On September 30, Circle announced a collaboration with the Deutsche Börse Group, the German transaction services provider that runs Europe’s third-largest stock market by market cap. The parties signed a memorandum of understanding regarding including USDC and EURC (Circle’s euro-denominated stablecoin) within Deutsche Börse’s financial market infrastructure.

The parties called the MoU “a key step in advancing the regulated adoption of stablecoins across European markets,” building on Circle’s status as the first stablecoin issuer to achieve compliance with the European Union’s Markets in Crypto-Assets Regulation (MiCA).

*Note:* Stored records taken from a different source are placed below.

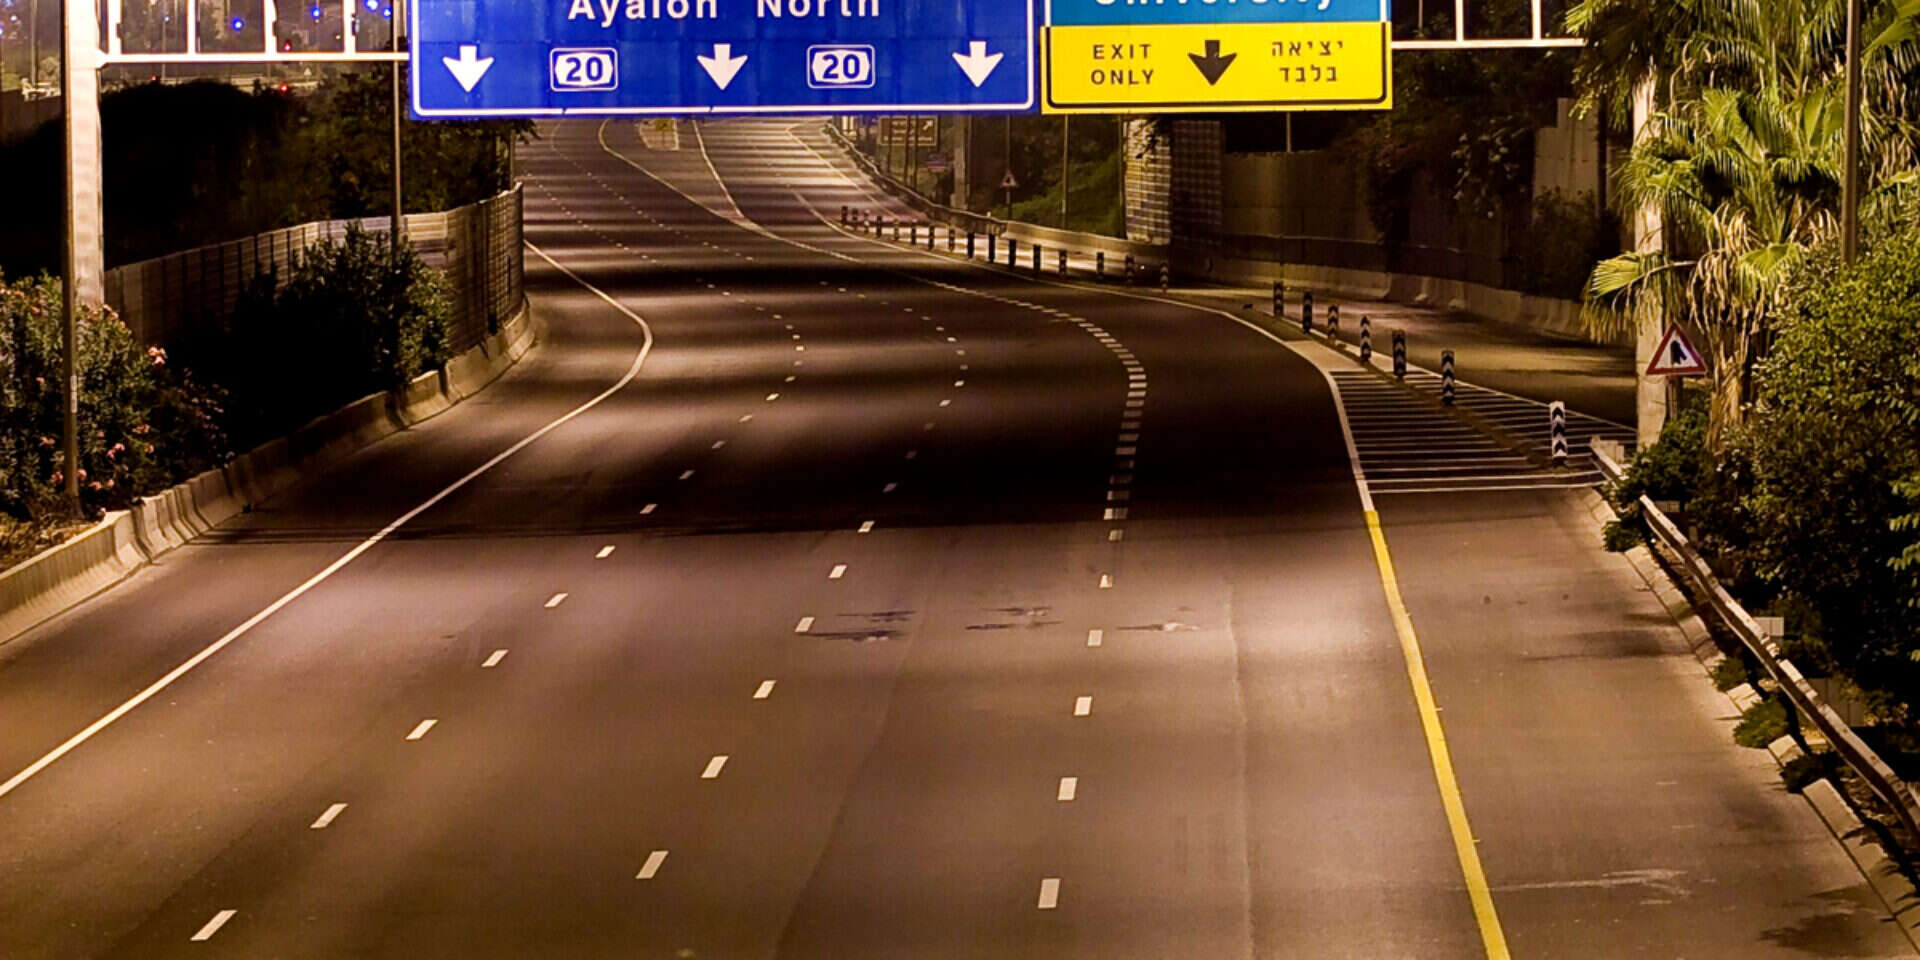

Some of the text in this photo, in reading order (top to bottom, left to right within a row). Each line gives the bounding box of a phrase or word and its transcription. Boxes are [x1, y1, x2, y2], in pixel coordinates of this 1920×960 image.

[567, 0, 880, 28] Ayalon North
[1092, 44, 1152, 60] EXIT
[1271, 41, 1344, 57] יציאה
[565, 57, 604, 82] 20
[822, 54, 860, 80] 20
[1279, 65, 1338, 83] בלבד
[1090, 69, 1154, 85] ONLY

While Circle has followed all the MiCA rules that Tether has found too onerous to comply with, some European Central Bank (ECB) officials are distinctly uneasy with the proliferation of non-euro stablecoins within the EU zone. Now the European Systemic Risk Board (ESRB) is raising concerns over ‘multi-issuance’ stablecoins, aka tokens jointly issued by a combination of EU and non-EU entities.

In early September, ECB president Christine Lagarde—who chairs the ERSB—gave a speech in which she warned that, while stablecoins remain a relatively new and “novel” technology, “we do not need to wait for them to mature to realize that they are reintroducing old risks through the back door.” Lagarde expressed particular concerns over multi-issuance stablecoins.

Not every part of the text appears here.